*PROBLEM TO WORK ON*.
The records below are to be transcribed exactly as they appear.

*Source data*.
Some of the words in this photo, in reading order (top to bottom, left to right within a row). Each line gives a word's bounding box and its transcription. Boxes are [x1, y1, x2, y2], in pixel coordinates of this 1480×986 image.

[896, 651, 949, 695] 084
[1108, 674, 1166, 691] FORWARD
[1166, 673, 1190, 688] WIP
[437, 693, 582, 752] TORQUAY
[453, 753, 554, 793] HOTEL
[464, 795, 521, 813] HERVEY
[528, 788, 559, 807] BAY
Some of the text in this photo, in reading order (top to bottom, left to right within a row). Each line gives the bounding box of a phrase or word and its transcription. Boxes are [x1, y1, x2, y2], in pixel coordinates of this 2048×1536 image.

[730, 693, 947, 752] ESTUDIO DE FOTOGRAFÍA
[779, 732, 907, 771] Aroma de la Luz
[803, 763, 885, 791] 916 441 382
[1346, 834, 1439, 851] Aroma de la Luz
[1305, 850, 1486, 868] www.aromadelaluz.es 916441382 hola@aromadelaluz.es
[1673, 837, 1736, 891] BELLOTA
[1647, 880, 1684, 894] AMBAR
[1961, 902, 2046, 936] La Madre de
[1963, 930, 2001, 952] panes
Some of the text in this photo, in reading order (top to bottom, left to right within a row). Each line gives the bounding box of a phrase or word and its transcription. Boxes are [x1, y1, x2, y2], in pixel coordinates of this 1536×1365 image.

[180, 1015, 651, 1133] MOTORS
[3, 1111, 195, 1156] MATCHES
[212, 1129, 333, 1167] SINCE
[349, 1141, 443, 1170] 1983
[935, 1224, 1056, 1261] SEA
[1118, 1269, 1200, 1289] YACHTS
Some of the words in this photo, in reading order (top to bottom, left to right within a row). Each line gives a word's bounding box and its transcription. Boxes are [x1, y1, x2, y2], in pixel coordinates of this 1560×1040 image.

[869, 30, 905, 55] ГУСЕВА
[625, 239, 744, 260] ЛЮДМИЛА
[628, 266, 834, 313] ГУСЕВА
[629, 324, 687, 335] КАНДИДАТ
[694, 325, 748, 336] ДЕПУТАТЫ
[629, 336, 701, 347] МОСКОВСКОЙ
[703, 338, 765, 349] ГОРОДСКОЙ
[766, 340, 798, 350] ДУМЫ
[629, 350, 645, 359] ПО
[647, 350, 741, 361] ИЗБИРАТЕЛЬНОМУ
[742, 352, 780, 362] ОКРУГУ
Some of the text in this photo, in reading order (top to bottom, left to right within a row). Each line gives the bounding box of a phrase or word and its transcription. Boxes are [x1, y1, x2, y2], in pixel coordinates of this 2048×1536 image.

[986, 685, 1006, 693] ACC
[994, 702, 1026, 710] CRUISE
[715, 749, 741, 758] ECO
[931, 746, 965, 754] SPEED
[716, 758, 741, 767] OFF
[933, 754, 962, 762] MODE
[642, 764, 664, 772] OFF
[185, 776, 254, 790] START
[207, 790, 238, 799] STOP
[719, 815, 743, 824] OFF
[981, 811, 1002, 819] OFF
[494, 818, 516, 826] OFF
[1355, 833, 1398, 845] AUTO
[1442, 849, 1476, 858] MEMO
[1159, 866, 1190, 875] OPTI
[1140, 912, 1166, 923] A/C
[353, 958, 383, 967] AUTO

*SOLUTION TO THE PROBLEM*.
Some of the words in this photo, in reading order (top to bottom, left to right within a row). Each line gives a word's bounding box and its transcription. Boxes are [x1, y1, x2, y2], in pixel coordinates of this 1480×986 image.

[896, 651, 949, 695] 084
[1108, 674, 1166, 691] FORWARD
[1166, 673, 1190, 688] WIP
[437, 693, 582, 752] TORQUAY
[453, 753, 554, 793] HOTEL
[464, 795, 521, 813] HERVEY
[528, 788, 559, 807] BAY
Some of the text in this photo, in reading order (top to bottom, left to right within a row). Each line gives the bounding box of a phrase or word and its transcription. Boxes are [x1, y1, x2, y2], in pixel coordinates of this 2048×1536 image.

[730, 693, 947, 752] ESTUDIO DE FOTOGRAFÍA
[779, 732, 907, 771] Aroma de la Luz
[803, 763, 885, 791] 916 441 382
[1346, 834, 1439, 851] Aroma de la Luz
[1305, 850, 1486, 868] www.aromadelaluz.es 916441382 hola@aromadelaluz.es
[1673, 837, 1736, 891] BELLOTA
[1647, 880, 1684, 894] AMBAR
[1961, 902, 2046, 936] La Madre de
[1963, 930, 2001, 952] panes
Some of the text in this photo, in reading order (top to bottom, left to right within a row). Each line gives the bounding box of a phrase or word and its transcription. Boxes are [x1, y1, x2, y2], in pixel coordinates of this 1536×1365 image.

[180, 1015, 651, 1133] MOTORS
[3, 1111, 195, 1156] MATCHES
[212, 1129, 333, 1167] SINCE
[349, 1141, 443, 1170] 1983
[935, 1224, 1056, 1261] SEA
[1118, 1269, 1200, 1289] YACHTS
Some of the words in this photo, in reading order (top to bottom, left to right within a row). Each line gives a word's bounding box and its transcription. Boxes are [x1, y1, x2, y2], in pixel coordinates of this 1560×1040 image.

[869, 30, 905, 55] ГУСЕВА
[625, 239, 744, 260] ЛЮДМИЛА
[628, 266, 834, 313] ГУСЕВА
[629, 324, 687, 335] КАНДИДАТ
[694, 325, 748, 336] ДЕПУТАТЫ
[629, 336, 701, 347] МОСКОВСКОЙ
[703, 338, 765, 349] ГОРОДСКОЙ
[766, 340, 798, 350] ДУМЫ
[629, 350, 645, 359] ПО
[647, 350, 741, 361] ИЗБИРАТЕЛЬНОМУ
[742, 352, 780, 362] ОКРУГУ
Some of the text in this photo, in reading order (top to bottom, left to right within a row). Each line gives the bounding box of a phrase or word and its transcription. Boxes are [x1, y1, x2, y2], in pixel coordinates of this 2048×1536 image.

[986, 685, 1006, 693] ACC
[994, 702, 1026, 710] CRUISE
[715, 749, 741, 758] ECO
[931, 746, 965, 754] SPEED
[716, 758, 741, 767] OFF
[933, 754, 962, 762] MODE
[642, 764, 664, 772] OFF
[185, 776, 254, 790] START
[207, 790, 238, 799] STOP
[719, 815, 743, 824] OFF
[981, 811, 1002, 819] OFF
[494, 818, 516, 826] OFF
[1355, 833, 1398, 845] AUTO
[1442, 849, 1476, 858] MEMO
[1159, 866, 1190, 875] OPTI
[1140, 912, 1166, 923] A/C
[353, 958, 383, 967] AUTO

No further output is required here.